◆ TO DO:
Without the pictures, give the entries below again exactly as written.

◆ WORKING DATA:
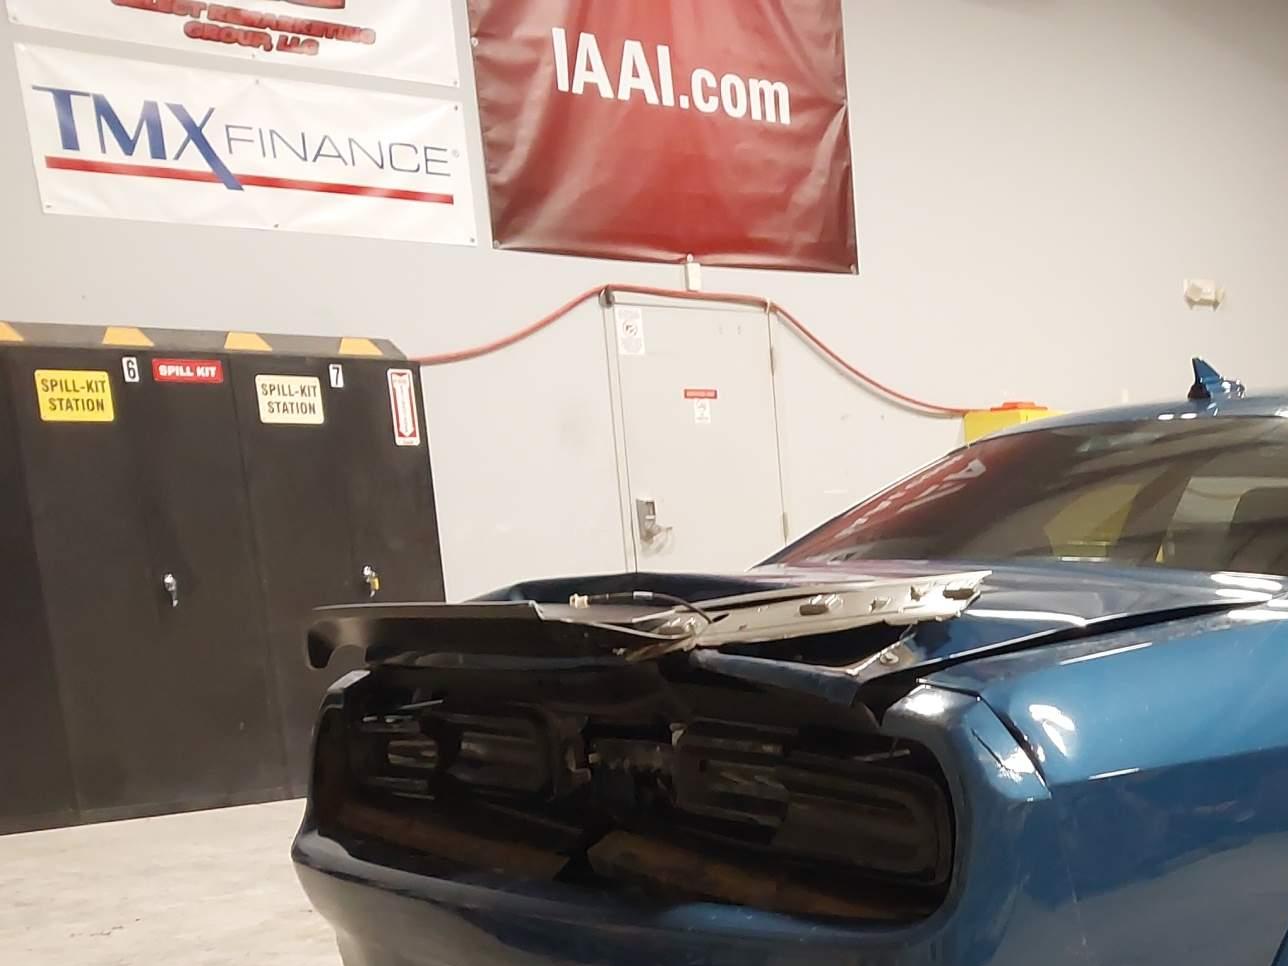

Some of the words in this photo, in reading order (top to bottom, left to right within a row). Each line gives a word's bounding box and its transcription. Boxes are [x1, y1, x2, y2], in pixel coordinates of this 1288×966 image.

[551, 27, 791, 125] IAAI.com
[31, 84, 244, 191] TMX
[224, 124, 451, 177] FINANCE
[126, 359, 136, 379] 6
[158, 365, 195, 377] SPILL
[196, 366, 217, 378] KIT
[332, 366, 340, 386] 7
[40, 378, 107, 393] SPILL-KIT
[261, 383, 317, 398] SPILL-KIT
[48, 397, 105, 412] STATION
[267, 401, 316, 415] STATION

◆ SOLUTION:
Some of the words in this photo, in reading order (top to bottom, left to right within a row). Each line gives a word's bounding box and its transcription. Boxes are [x1, y1, x2, y2], in pixel coordinates of this 1288×966 image.

[551, 27, 791, 125] IAAI.com
[31, 84, 244, 191] TMX
[224, 124, 451, 177] FINANCE
[126, 359, 136, 379] 6
[158, 365, 195, 377] SPILL
[196, 366, 217, 378] KIT
[332, 366, 340, 386] 7
[40, 378, 107, 393] SPILL-KIT
[261, 383, 317, 398] SPILL-KIT
[48, 397, 105, 412] STATION
[267, 401, 316, 415] STATION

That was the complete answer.